SR: Big question. Here are some  thoughts for you

  • Smarter Cities: As I noted, the continued ramp up in renewables will create a far more dynamic power grid. AI and ML are already powering software to manage grids. Once we exceed 40% renewables (as a proportion of total energy use) these tools become a must-have, rather than better to have. Smarter grids mean cities will be smarter — not just clean-slate new-builds, but existing buildings. We’ll see low cost easy-to-deploy IoT sensors powered with Edge AI (i.e. AI in the relevant device) to enhance efficiency and create new revenue opportunities. 
  • Frictionless dealing: A lot of the opacity around transactional real estate – value, negotiation, process should be significantly reduced and ideally on blockchain or some other distributed ledger with smart-contract and virtual reality enabled in a way which makes the asset class more fluid and frictionless, more transparent and more accessible
  • Quantum: This is arguably the biggest change to come to computers since the transistor. It’s a complete game changer. It will not just replace what we have today. People think new tech is old tech but faster and cheaper and since the 1950s that has been broadly true. Quantum is not that. It’s not faster, it’s not cheaper. It’s a new class of compute that humanity has not seen before. It rewrites the book on almost everything we think we know. Look at storage — 700 binary digits (bits) are not enough to store a passport photo. But 700 quantum bits (qubits) are enough to store ALL THE DATA ON EARTH. Quantum also enables un-hackable communications. It is step-change technology, whose potential we are only beginning to understand. But in real estate many of the insights from Quantum can be leveraged. Look at the arbitrage in any market: a probability distribution. The Heisenberg Equation perfectly describes this and Quantum perfectly models this!

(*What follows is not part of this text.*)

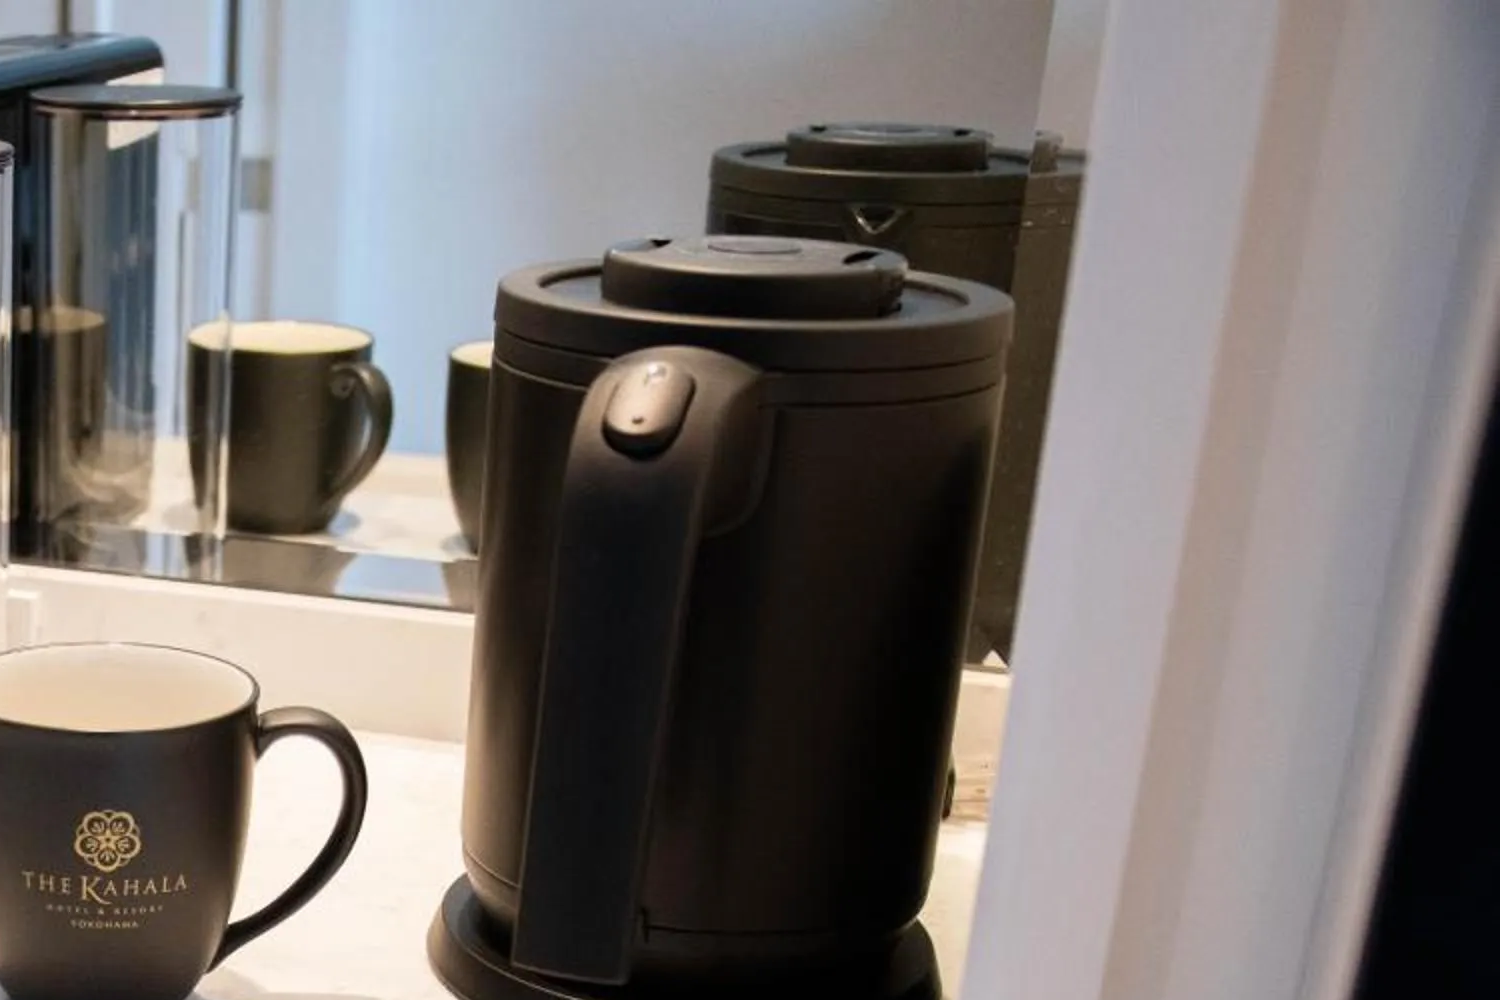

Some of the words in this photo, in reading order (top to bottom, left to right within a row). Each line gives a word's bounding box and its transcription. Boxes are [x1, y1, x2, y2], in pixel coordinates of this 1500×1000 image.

At RE5Q, we are already using some of the ideas in this space to create new algorithms for conventional computers that leverage this type of opportunity, including across the ESG and AVM examples I mentioned earlier.
  • Cyber: The risks around Cyber are growing. As we connect more and more devices to more and more networks, the potential attack surfaces expand. Attackers routinely exploit vulnerabilities in IoT devices to gain a foothold from which to compromise large servers. At RE5Q, we believe security cannot be added as an afterthought, but rather it is a central and guiding principle in the way we design and build our own network and data firewalls. Our data is encrypted in motion and at rest. We also don’t subscribe to security by obscurity and only use military grade security standards. We also extend this to policy enforcement and licence compliance. By moving enforcement from humans to machine we create systems with no gap between policy and practice. We are also highly sensitized to privacy issues and concerns and use anonymisation and pseudonymisation in our AI where required to manage and/or prevent individual data disclosure.

MS: Great too to realise that RE5Q is positioned to play an important part across all those themes. 

It only remains for me to thank you Seth for letting me take a bit of a tour with you on what we have “under the bonnet.” 

Watch this space on how and where we enable those transformations we’ve touched on here.